What is needed: Every record below needs to be set down exactly. Pictures do not belong in the copy.

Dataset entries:
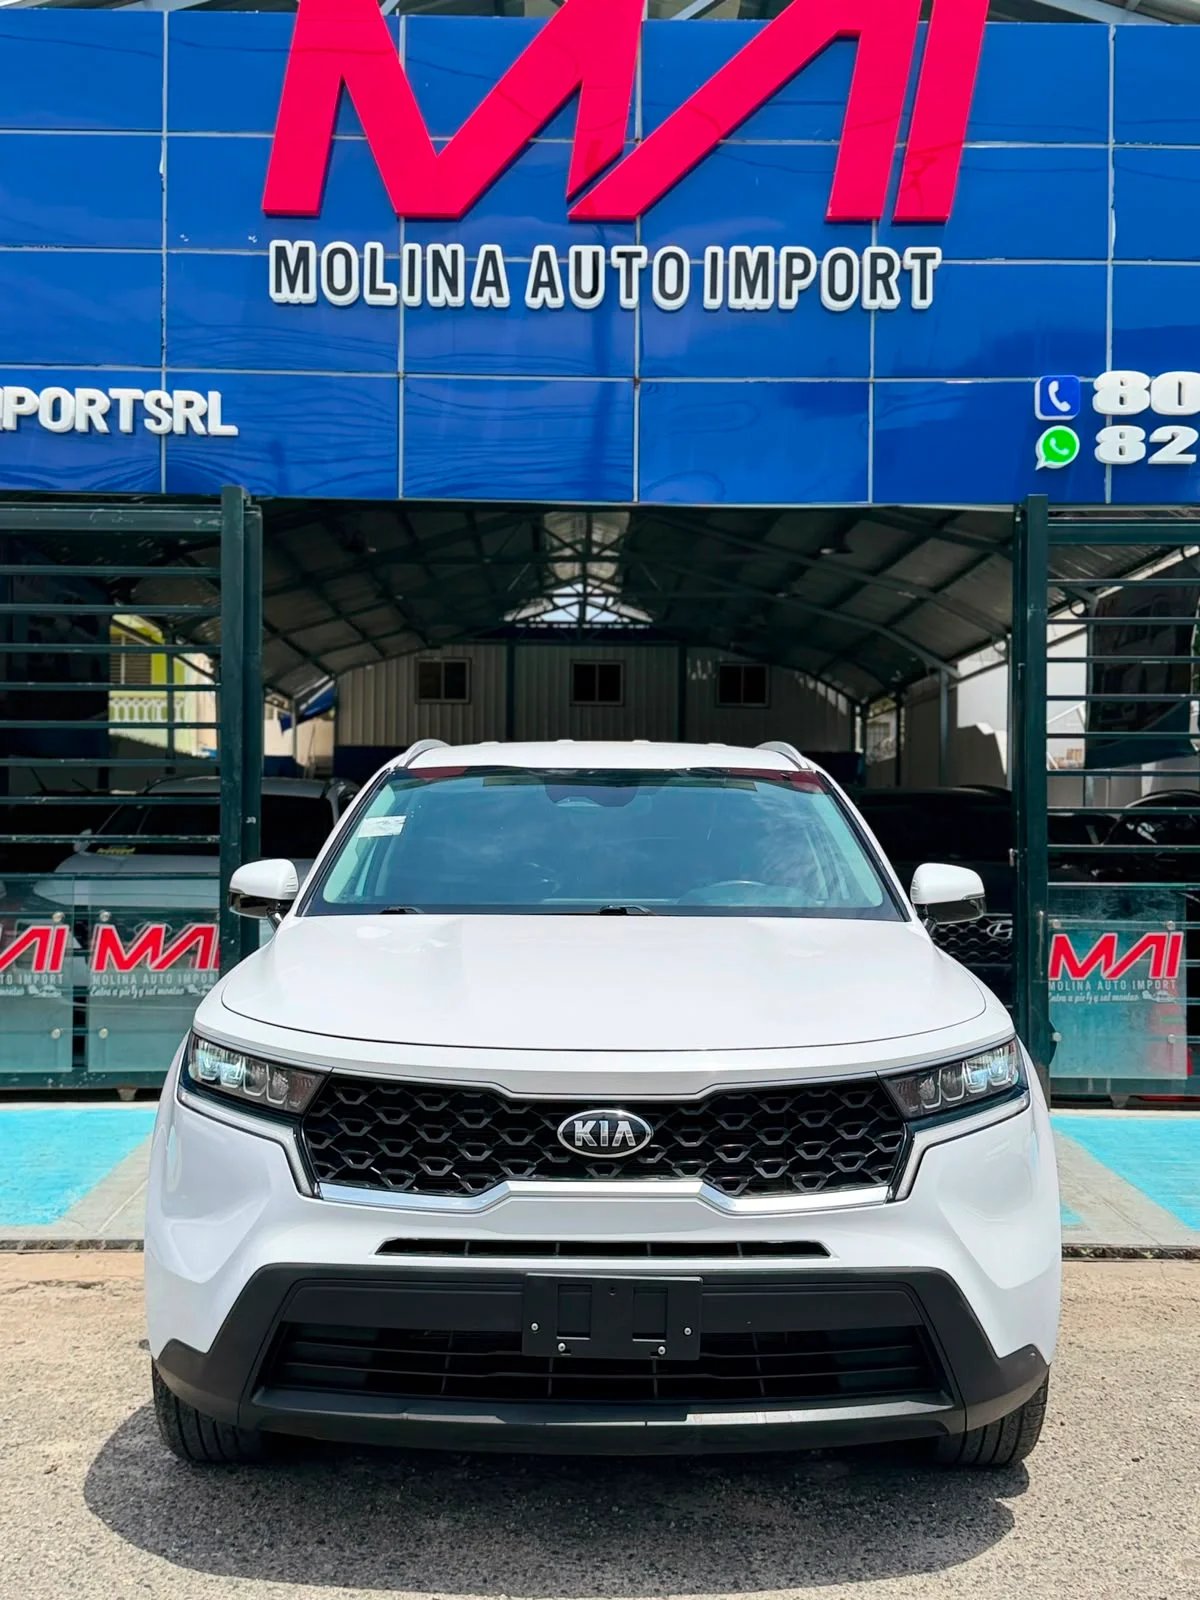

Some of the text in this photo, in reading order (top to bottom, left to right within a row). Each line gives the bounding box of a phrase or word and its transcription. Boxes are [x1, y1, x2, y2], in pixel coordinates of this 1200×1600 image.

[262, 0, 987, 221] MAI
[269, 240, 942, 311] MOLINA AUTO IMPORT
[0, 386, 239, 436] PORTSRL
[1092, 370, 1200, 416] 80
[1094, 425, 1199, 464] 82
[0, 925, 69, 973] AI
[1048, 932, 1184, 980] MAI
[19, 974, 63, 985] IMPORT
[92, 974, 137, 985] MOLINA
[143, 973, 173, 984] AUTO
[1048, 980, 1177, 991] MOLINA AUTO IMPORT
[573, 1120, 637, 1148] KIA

Task result:
Some of the text in this photo, in reading order (top to bottom, left to right within a row). Each line gives the bounding box of a phrase or word and its transcription. Boxes are [x1, y1, x2, y2], in pixel coordinates of this 1200×1600 image.

[262, 0, 987, 221] MAI
[269, 240, 942, 311] MOLINA AUTO IMPORT
[0, 386, 239, 436] PORTSRL
[1092, 370, 1200, 416] 80
[1094, 425, 1199, 464] 82
[0, 925, 69, 973] AI
[1048, 932, 1184, 980] MAI
[19, 974, 63, 985] IMPORT
[92, 974, 137, 985] MOLINA
[143, 973, 173, 984] AUTO
[1048, 980, 1177, 991] MOLINA AUTO IMPORT
[573, 1120, 637, 1148] KIA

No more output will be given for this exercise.